Labelled the North-West Feed Cluster 2x2, it was designed by the Space Application Centre, Indian Space Research Organization (ISRO), and then additively engineered and manufactured by Wipro 3D in close collaboration with ISRO scientists. It stands approximately 320 mm tall with a wall thickness of 2mm. It was developed using a range of Additive Manufacturing competencies and had cleared Assembly Vibration Test, Climatic Test and RF Tests before it took flight.
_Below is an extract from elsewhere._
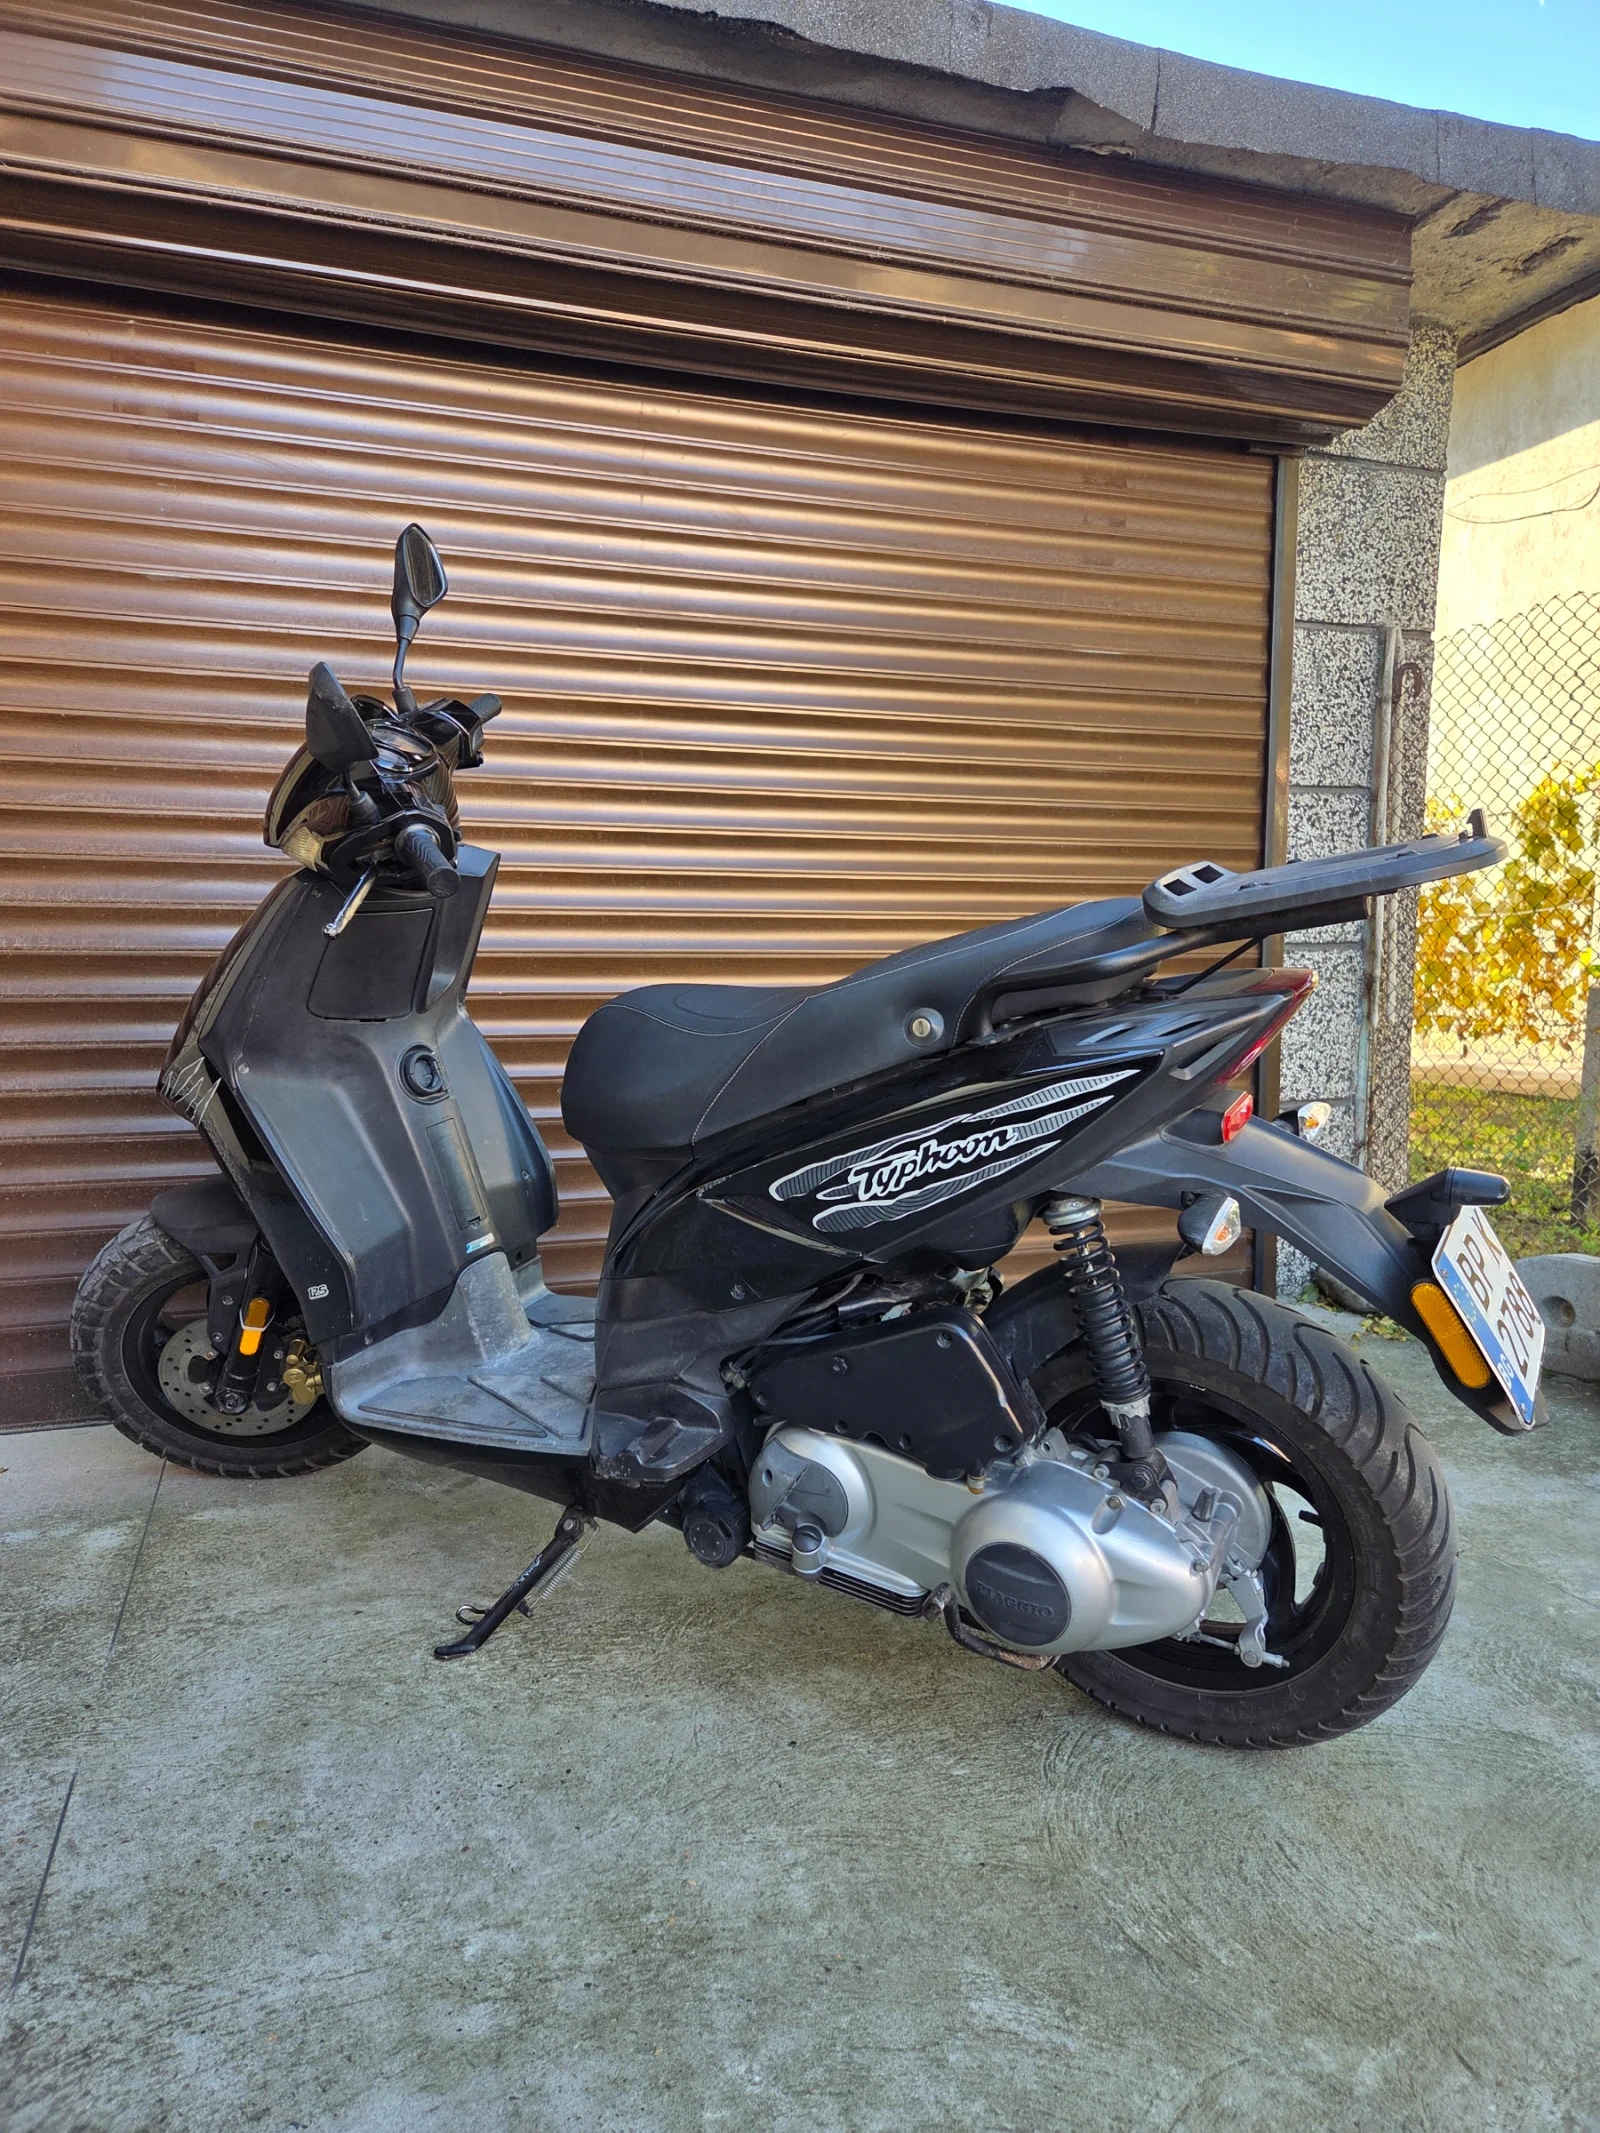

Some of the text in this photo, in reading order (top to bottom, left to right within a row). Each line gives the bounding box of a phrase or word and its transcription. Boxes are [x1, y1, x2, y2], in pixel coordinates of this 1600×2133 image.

Outer space is a key market
“The space industry is one of our key focus markets”, states Ajay Parikh, Vice President and Business Head at Wipro 3D, a metal Additive Manufacturing Solutions & Services provider based in Bangalore, India. Wipro 3D has also provided AM components for ISRO’s structures and communications programs. “Soon, we will be contributing to Indian propulsion programs as well”, says Parikh.
Wipro 3D was founded in 2012 and belongs to the Indian Wipro Group, which has turnover of more than 8 billion dollars with its workforce of 174,000. The additive manufacturing subsidiary now has 20 employees, a range of equipment that includes numerous EOS machines (M280, M290, M400), as well as a material characterization and testing laboratory. This allows the company to produce not only for customers in India but also for partners in Europe and North America. In the future, it plans to further tap into markets other than aerospace and defence – for example, medical engineering, oil and gas, and other industries.